Serum levels of HE4 and CA125 were significantly associated with high tumor grade, myometrial invasion, lymph node involvement, and advanced stage (p < 0.01). HE4 was an independent prognostic factor for reduced disease-free survival and overall survival with hazard ratios of 2.96 (95% confidence interval: 1.18-7.99) and 3.27 (95% confidence interval: 1.18-9.02), respectively. At recurrence, 75% of the patients had an elevated HE4 compared to 54% with an elevated CA125. HE4 levels were more frequently elevated in patients with distant metastasis compared to local recurrences, 67% and 37%, respectively. Serum HE4 detected a recurrence with a median of 126 days earlier than clinical confirmation.

CONCLUSION

Elevated serum HE4 is an independent risk factor for reduced disease-free survival and overall survival. HE4 seems to be superior to CA125 in the detection of recurrent disease during follow-up, mainly in high-risk endometrial cancer patients who are more prone to distant metastasis.

摘要

目的

迄今为止,生物标志物尚未常规用于子宫内膜癌的诊断、预后评估及随访。
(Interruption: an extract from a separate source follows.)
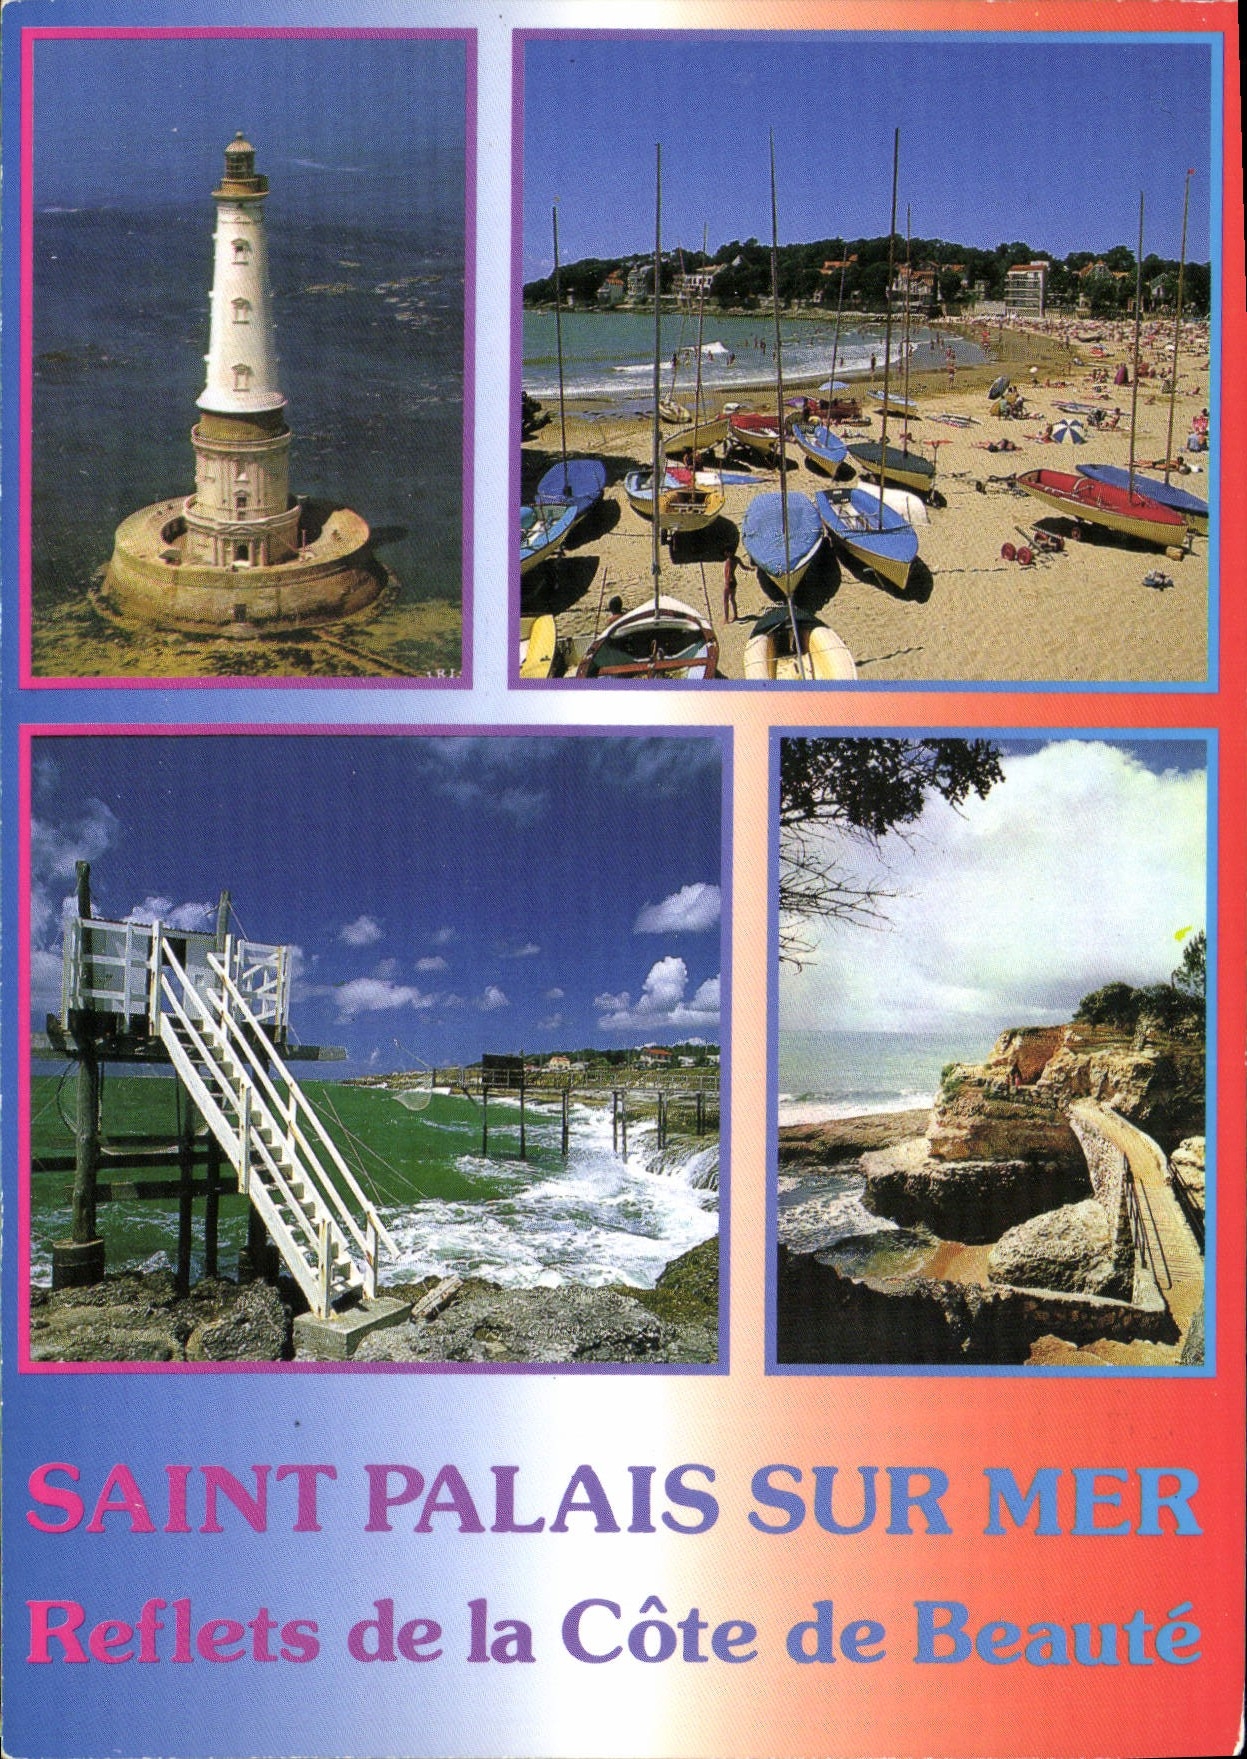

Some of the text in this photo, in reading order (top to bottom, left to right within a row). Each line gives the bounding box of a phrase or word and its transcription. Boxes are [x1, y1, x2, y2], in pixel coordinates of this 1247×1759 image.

本研究旨在评估血清人附睾蛋白4(HE4)是否与临床病理危险因素及预后相关。其次,评估血清HE4和癌抗原125(CA125)作为随访期间疾病复发指标的作用。

方法

本回顾性研究选取了1999年至2009年间的174例子宫内膜癌患者。在初次诊断时、随访期间及复发时分析血清HE4和CA125。通过单因素和多因素生存分析研究其与临床病理因素的相关性。计算提前期以确定哪种血清标志物在复发性疾病临床检测之前升高。

结果

血清HE4和CA125水平与高肿瘤分级、肌层浸润、淋巴结受累及晚期显著相关(p<0.01)。HE4是无病生存期和总生存期降低的独立预后因素,风险比分别为2.96(95%置信区间:1.18 - 7.99)和3.27(95%置信区间:1.18 - 9.02)。复发时,75%的患者HE4升高,而CA125升高的患者为54%。远处转移患者的HE4水平比局部复发患者更频繁升高,分别为67%和37%。血清HE4检测到复发的时间比临床确诊早126天。

结论

血清HE4升高是无病生存期和总生存期降低的独立危险因素。在随访期间检测复发性疾病方面,HE4似乎优于CA125,主要是在更易发生远处转移的高危子宫内膜癌患者中。